If I could make life easier for my daughter, believe me, I would in a New York nanosecond!
My name is Brenda Coleman. I live in Dallas, Texas, with my husband, Peter (he's a cop) and our four children: Brent (15), Gia (13), Shaoshanna Hope (9), and Ridgely Michael (5). I am a homemaker/home school teacher. (Shao does go to a special school for children with multiple disabilities; we feel that this would be best for her.)
Our second youngest child was adopted from China when she was four. She's been with our family for the past five years and we could not be happier; however, she does have special needs that warrent medical attention from time to time. First of all, she has cerebral palsy and uses a wheelchair (she will probably never walk; the damage to her brain was too great). Second, she has seizures which cause her to have convulsions every few months. We are trying to find the right combination of medications so as to control them.
It is very frustrating, to say the least.
In addition, Shao has vision impairments. She is blind. Because of this, Shao seems a lot younger than she actually is. At the age of nine, she is jut learning how to read via special computer software and voice technology (word-books that tell her the story, so she can hear the words being said, sine she can't see them visually). She is learning Braille and will soon go to a special school to learn how to get around and how to work with a guide dog (or in her case, an assistance dog, who will act as her arms and legs, as well as her eyes)..

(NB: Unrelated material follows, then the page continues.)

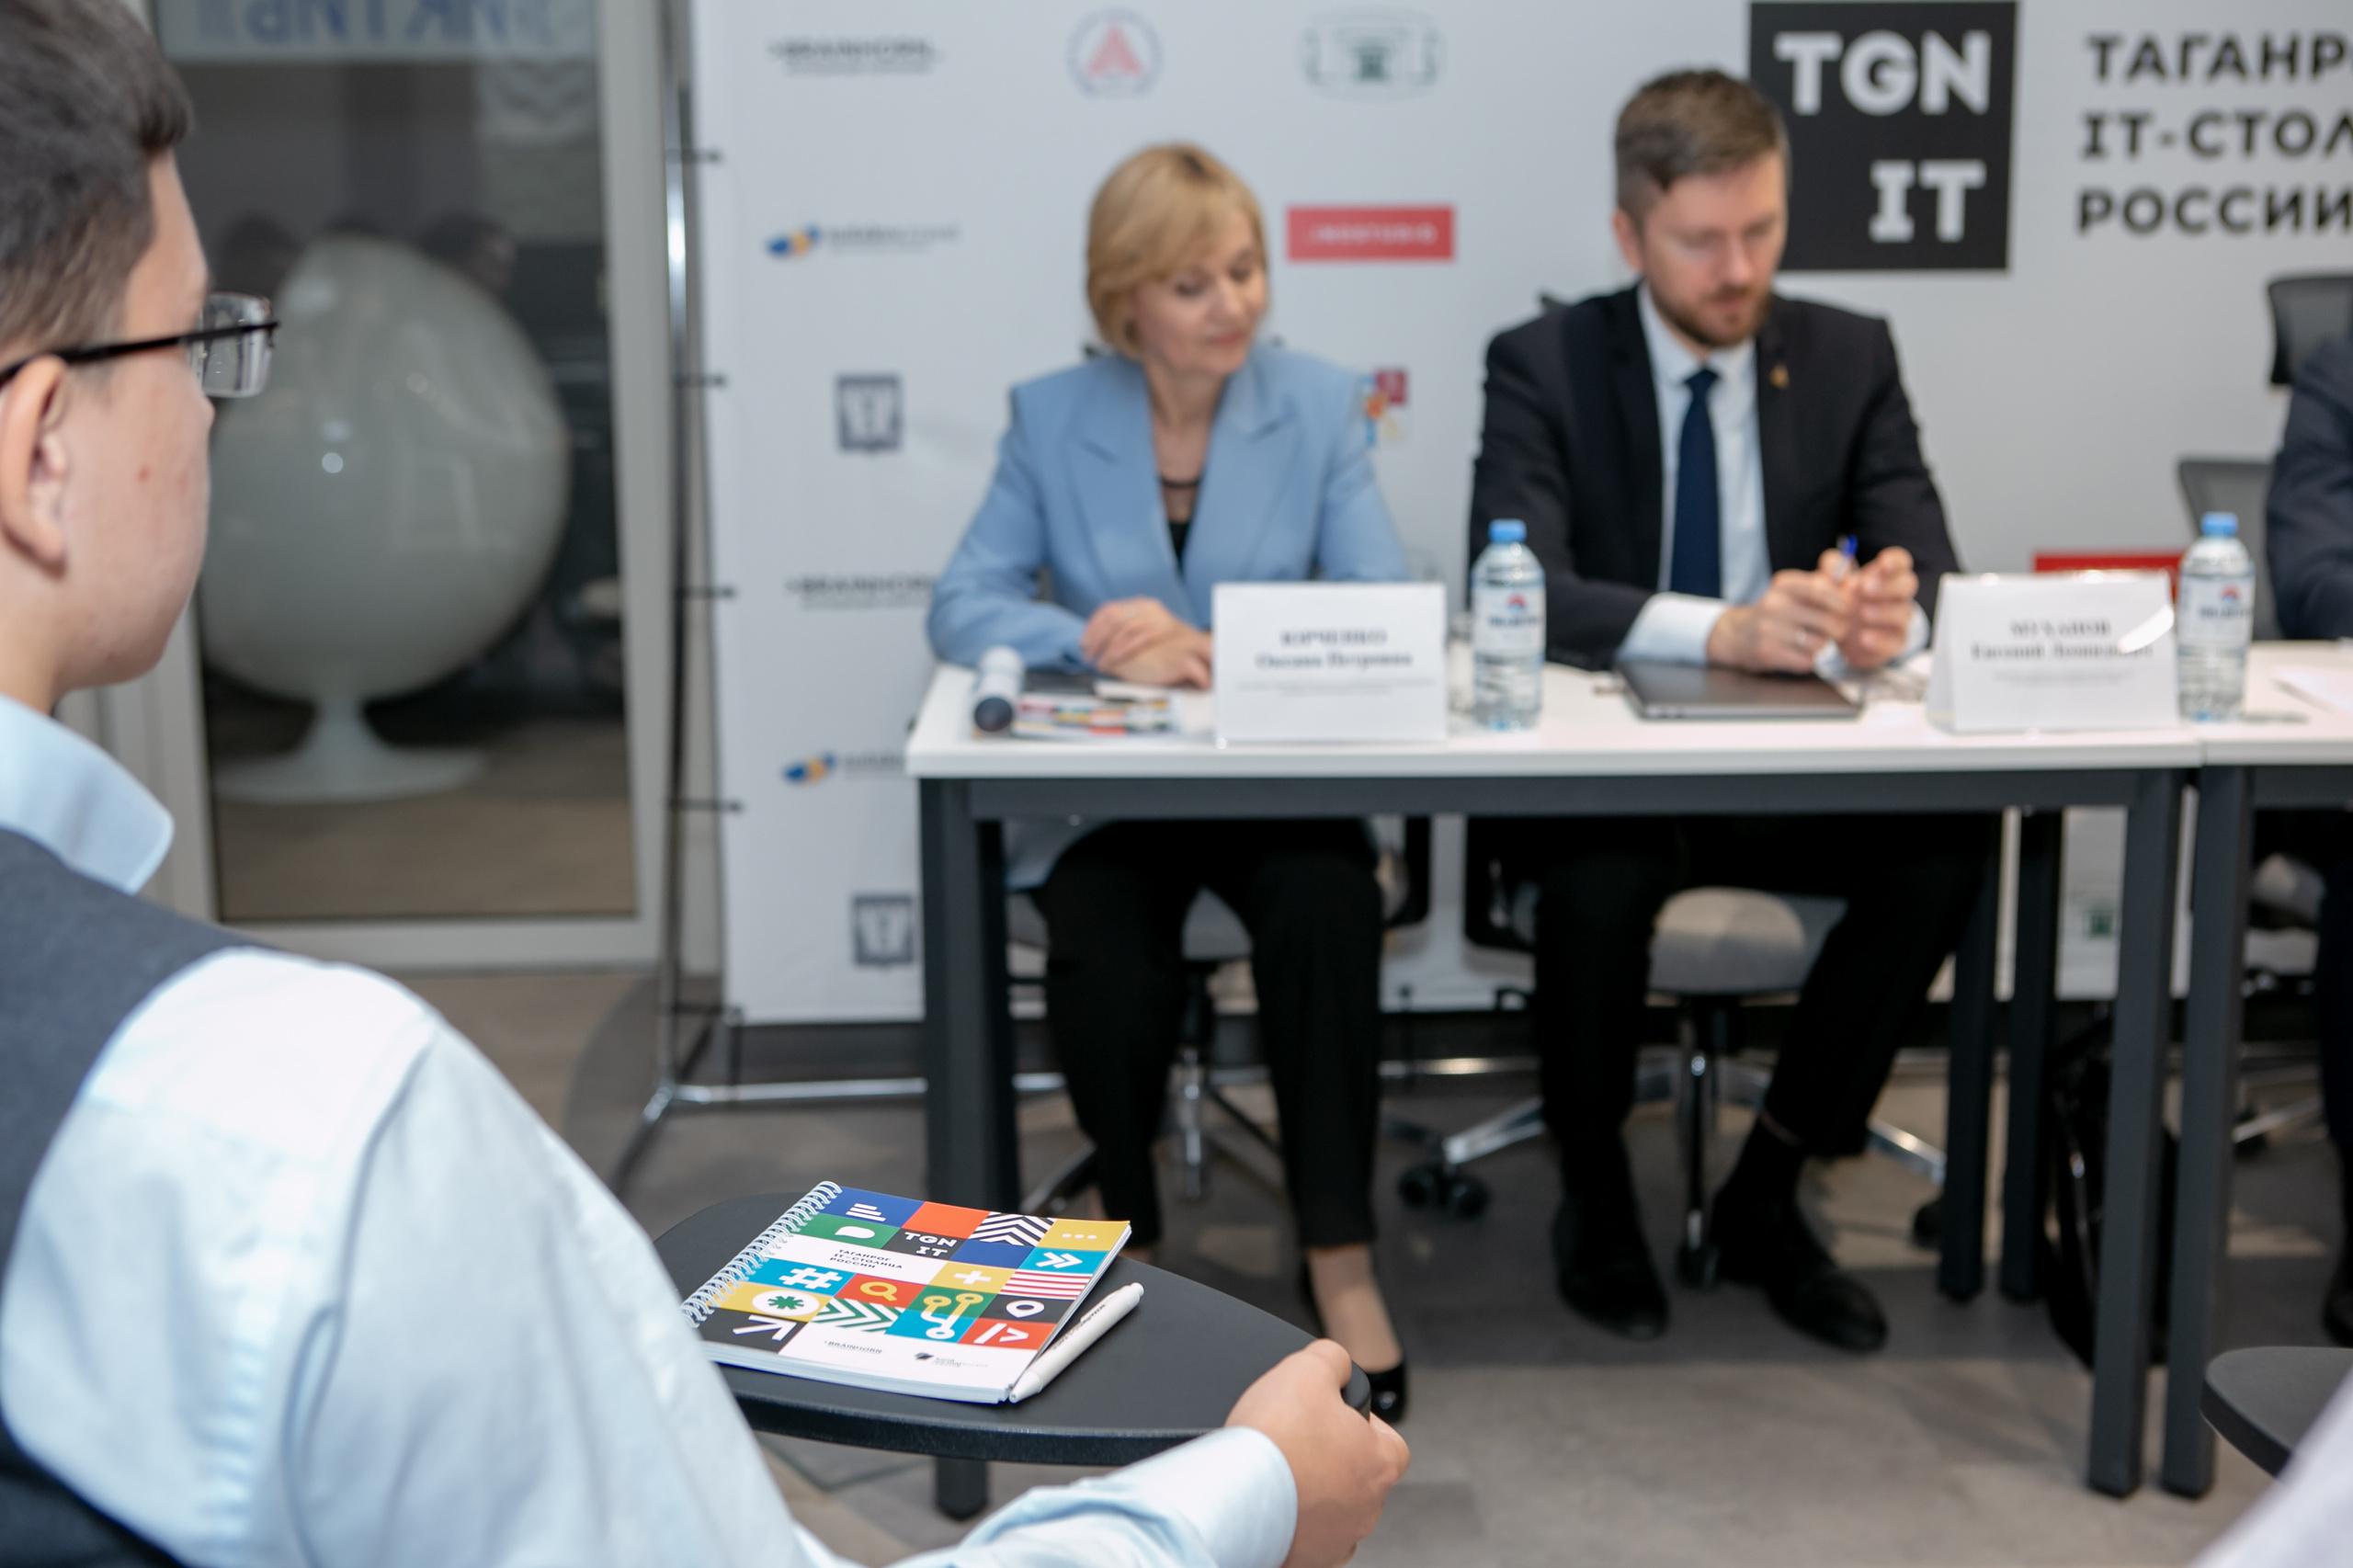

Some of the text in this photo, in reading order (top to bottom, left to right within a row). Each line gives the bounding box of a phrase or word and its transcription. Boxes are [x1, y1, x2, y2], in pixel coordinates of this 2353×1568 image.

Shao is in the second grade, where she is in a class for children with multiple special needs/disabilities; there, teachers and aides can work one-on-one with the children, to help them reach their fullest potential. We are hopeful that Shao will learn to write and read in her own special way. Shao seems to be a very smart little girl, but her physical handicaps prevent her from being able to learn as other children do.
We don't know if she will ever walk; right now her neurologists don't think she will. That is okay. We will do everything possible to give her a good life and let her know that being in a wheelchair (or having different disabilities) isn't necessarily a bad thing (and it ishouldn't be).
Shao loves to listen to the radio (music is something she adores: country, pop, rock, rap, gospel, Cajun: you name it and she loves it!) and to snuggle with her rabbit, "Boobah" (don't ask where she got that name). She loves to be held or cuddled or to play with her brothers and sister and to feel the sunshine or wind or rain on her face. She loves being outside.
Well, it is time for us to give Shao her medications for the evening; we will then put her to bed as she has school tomorrow (as do Gia, Ridgely, and Brent). While Shao goes to special school, I teach the other three children here at home. Shao has too many special needs for me to be able to teach her effectively, so this is why she goes to school outside our home.
I will write in here again another time; somehow I feel that this isn't the last you wlll hear about Shao or our family in general. Take care and may God bless you; I hope you enjoyed reading about our little family!